--- ABOUT THIS EXERCISE ---
Set the listing down unchanged, minus every embedded image.

--- INFORMATION ---
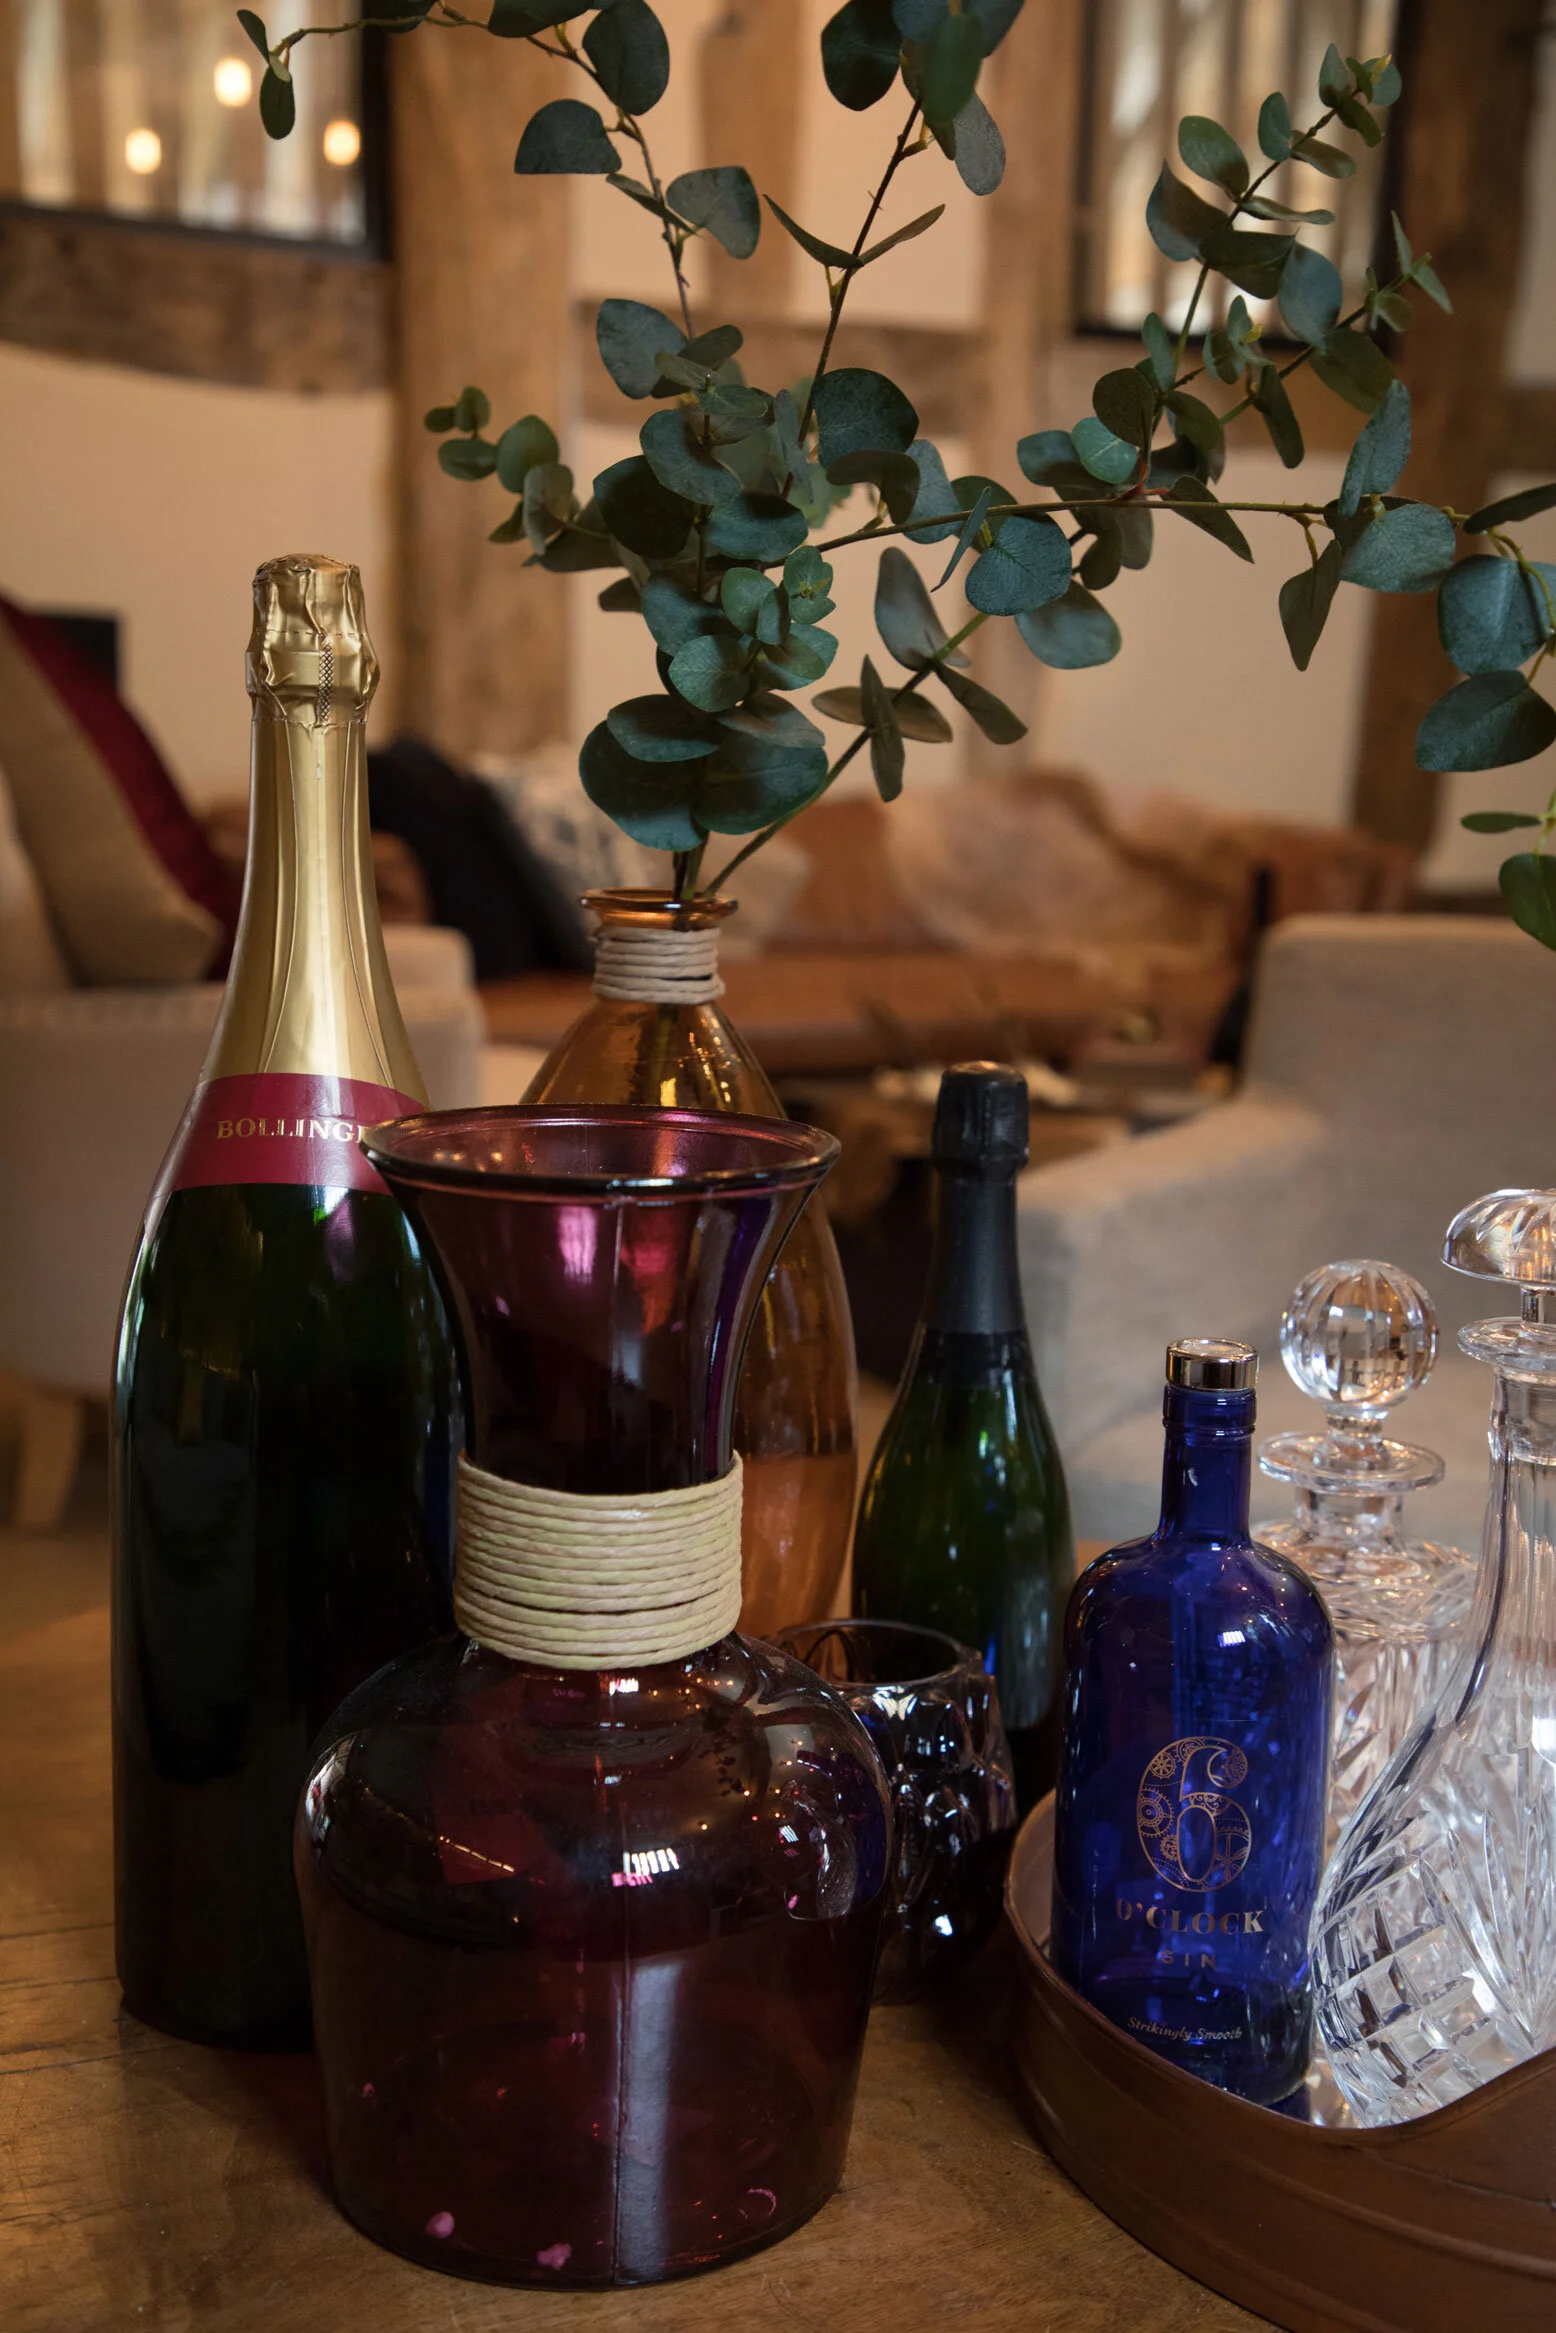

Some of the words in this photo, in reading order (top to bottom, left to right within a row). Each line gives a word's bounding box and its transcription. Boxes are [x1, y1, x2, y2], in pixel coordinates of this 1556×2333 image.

[1136, 1736, 1252, 1893] 6
[1116, 1899, 1264, 1935] O'CLOCK
[1161, 1951, 1217, 1969] GIN
[1128, 2017, 1192, 2041] Strikingly
[1196, 2027, 1243, 2040] Smooth

--- PROBLEM SOLUTION ---
Some of the words in this photo, in reading order (top to bottom, left to right within a row). Each line gives a word's bounding box and its transcription. Boxes are [x1, y1, x2, y2], in pixel coordinates of this 1556×2333 image.

[1136, 1736, 1252, 1893] 6
[1116, 1899, 1264, 1935] O'CLOCK
[1161, 1951, 1217, 1969] GIN
[1128, 2017, 1192, 2041] Strikingly
[1196, 2027, 1243, 2040] Smooth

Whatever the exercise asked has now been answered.